(Records from a dataset)
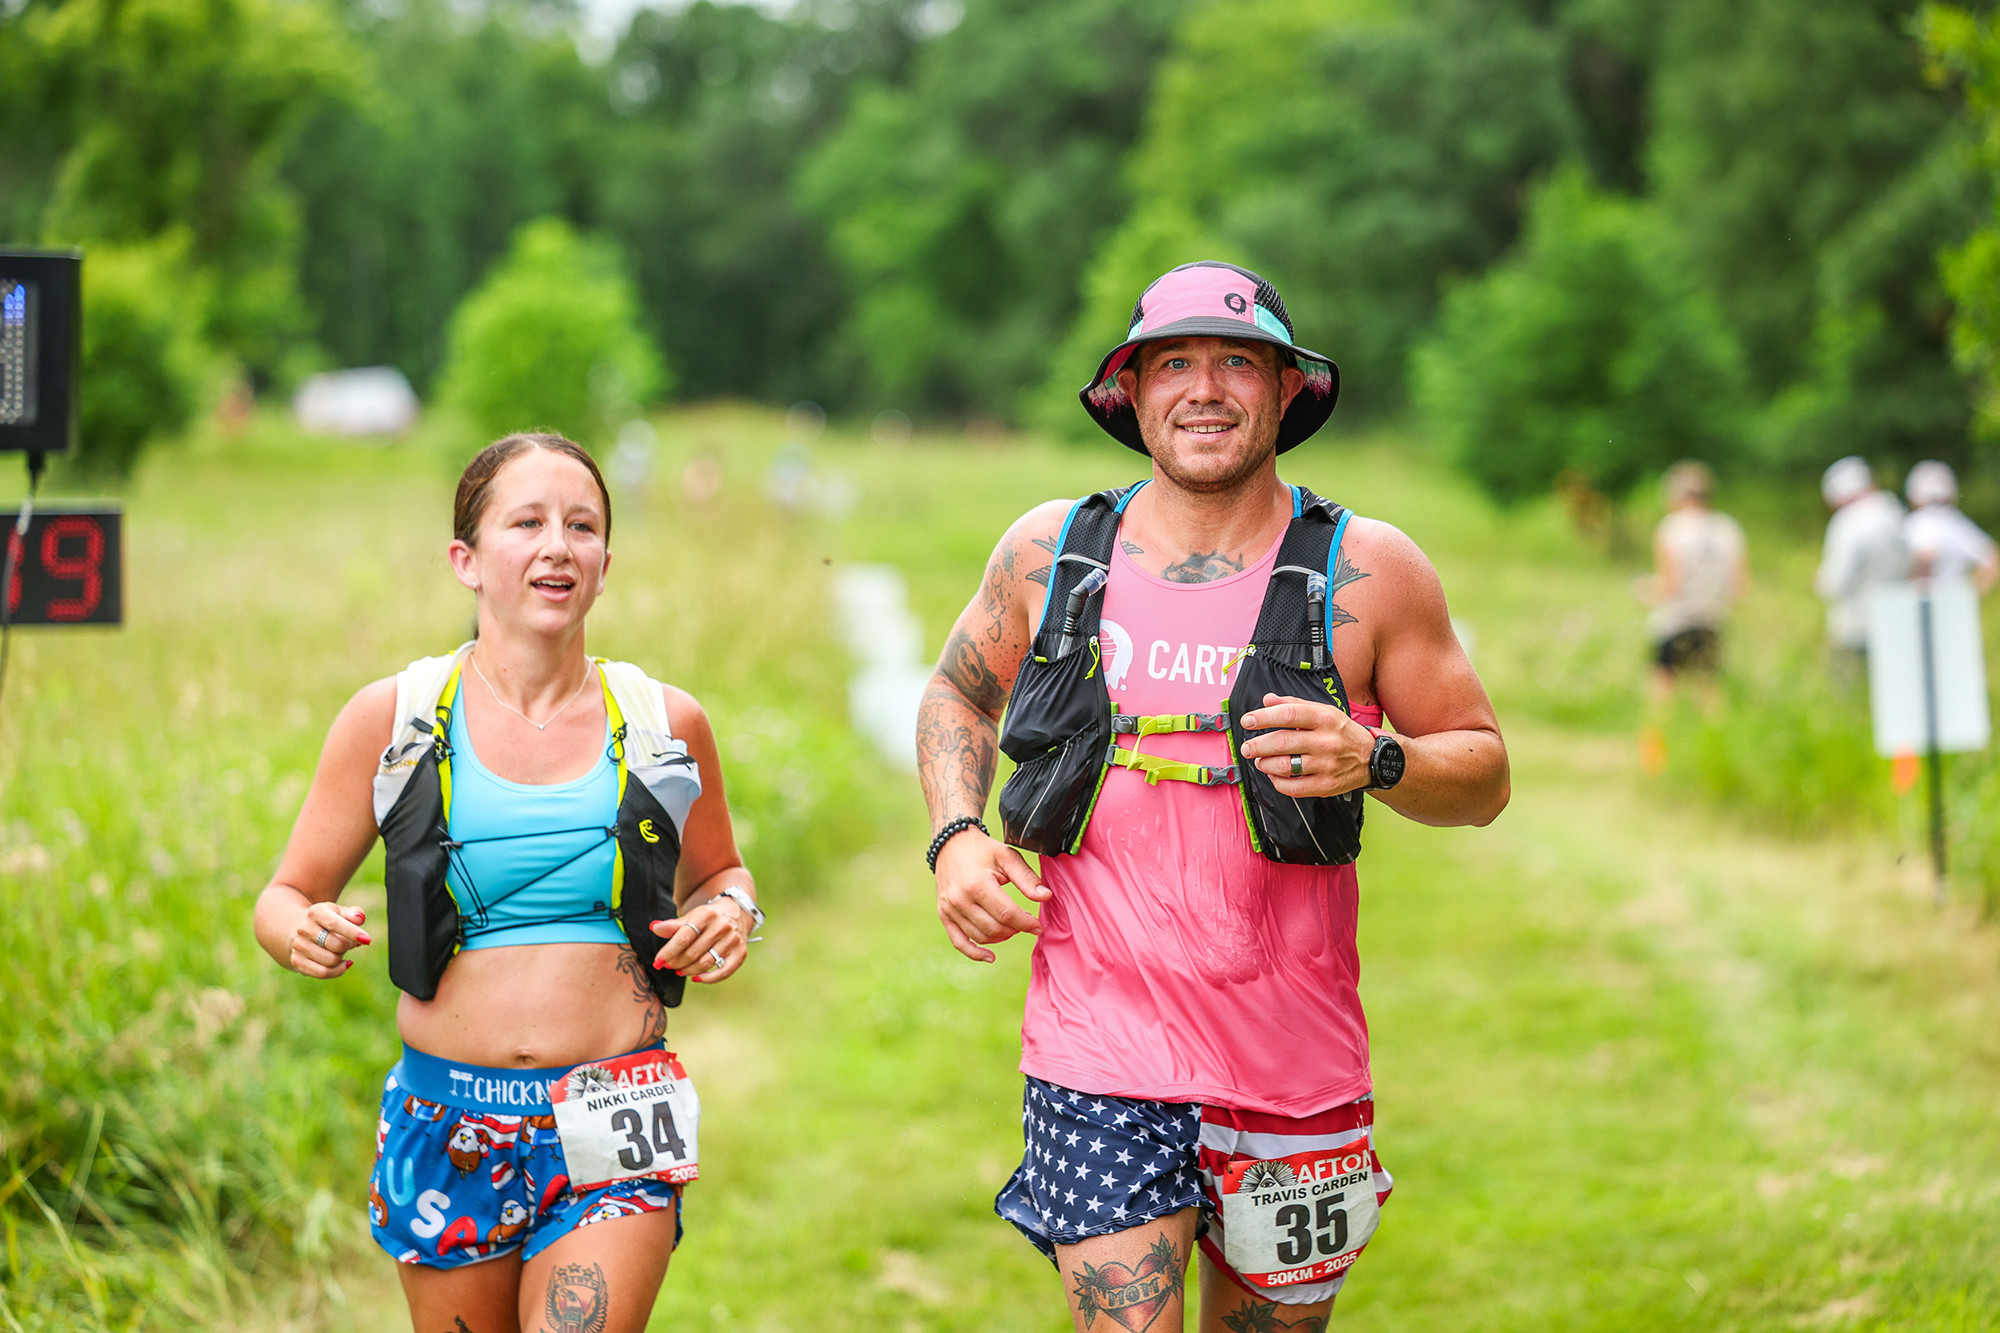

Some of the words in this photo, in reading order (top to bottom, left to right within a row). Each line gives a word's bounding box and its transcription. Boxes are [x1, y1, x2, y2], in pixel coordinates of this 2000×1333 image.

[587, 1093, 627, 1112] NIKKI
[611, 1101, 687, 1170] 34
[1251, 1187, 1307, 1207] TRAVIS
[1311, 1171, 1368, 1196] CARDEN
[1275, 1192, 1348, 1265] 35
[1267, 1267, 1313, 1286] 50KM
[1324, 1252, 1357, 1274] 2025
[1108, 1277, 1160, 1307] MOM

WHAT YOU SHOULD DO :: Repeat every entry above precisely, leaving each picture out.

ANSWER TO THIS EXERCISE ::
Some of the words in this photo, in reading order (top to bottom, left to right within a row). Each line gives a word's bounding box and its transcription. Boxes are [x1, y1, x2, y2], in pixel coordinates of this 2000×1333 image.

[587, 1093, 627, 1112] NIKKI
[611, 1101, 687, 1170] 34
[1251, 1187, 1307, 1207] TRAVIS
[1311, 1171, 1368, 1196] CARDEN
[1275, 1192, 1348, 1265] 35
[1267, 1267, 1313, 1286] 50KM
[1324, 1252, 1357, 1274] 2025
[1108, 1277, 1160, 1307] MOM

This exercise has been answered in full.